Frequently Asked Questions
Does nonverbal learning disorder mean my child can't talk?
No. Despite the name, NVLD is not about being nonverbal. Children with NVLD often have strong verbal abilities and early vocabulary development; the challenges are in nonverbal areas such as spatial processing, coordination, and social perception.
What are the signs of NVLD in children?
Signs can include difficulty with puzzles, maps, graphs, or geometry, trouble reading facial expressions and body language, literal interpretation of language, clumsiness or poor fine motor skills, difficulty making friends, and high anxiety, especially in unstructured environments. Sensory sensitivities to light, sound, or touch may also be present.

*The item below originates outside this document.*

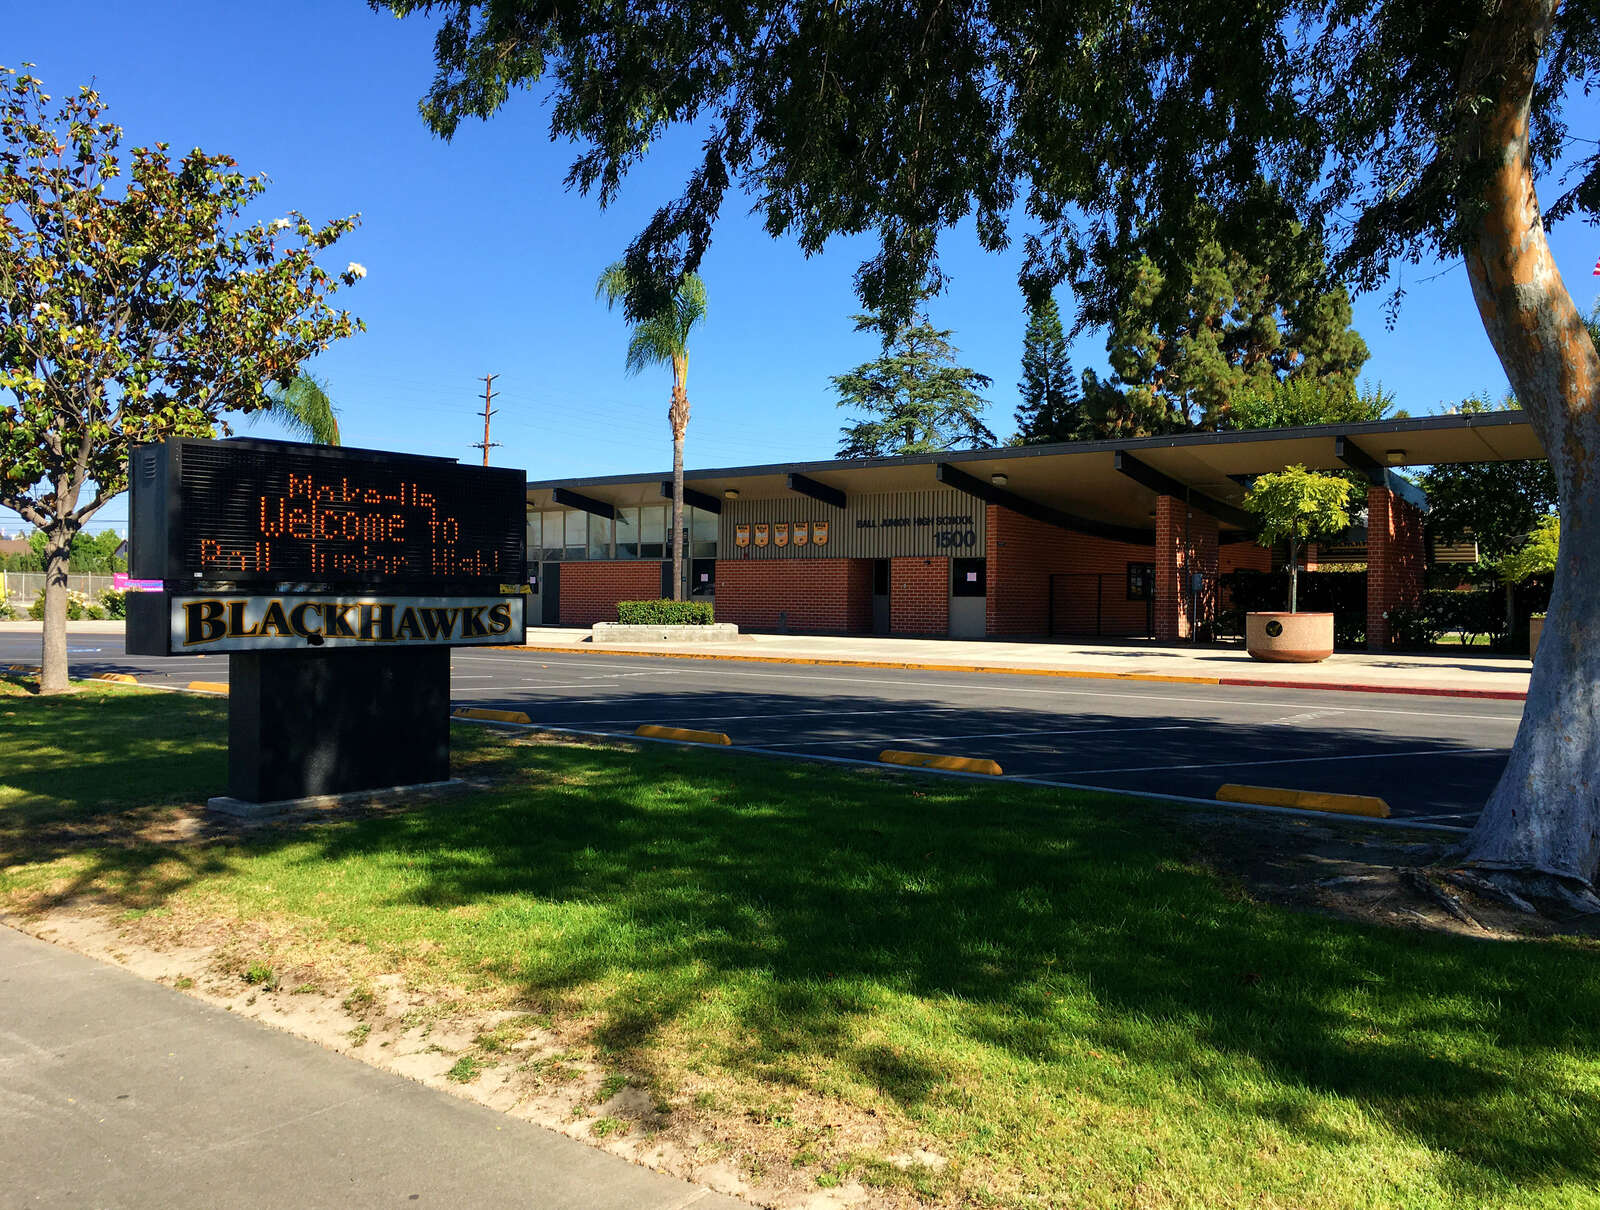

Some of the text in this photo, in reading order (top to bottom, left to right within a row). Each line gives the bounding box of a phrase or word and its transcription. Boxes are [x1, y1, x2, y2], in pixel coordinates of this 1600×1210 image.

What causes nonverbal learning disorder?
Research suggests NVLD is neurologically based, often involving right hemisphere brain dysfunction, disruptions in white matter pathways, and genetic or developmental factors. It can also coexist with conditions like ADHD, autism spectrum disorder, or anxiety disorders.
How is NVLD diagnosed?
Diagnosis involves comprehensive neuropsychological testing, which often includes verbal versus nonverbal IQ assessments, visual-spatial and fine motor evaluations, academic testing, speech-language and occupational therapy evaluations, and parent and teacher input. Professionals involved may include psychologists, SLPs, OTs, and pediatricians.
What therapies help children with NVLD?
NVLD treatment focuses on building compensatory skills while addressing specific deficits. Approaches can include visual-motor integration, fine motor coordination, sensory regulation strategies, executive function coaching such as planning and time management, and social communication training.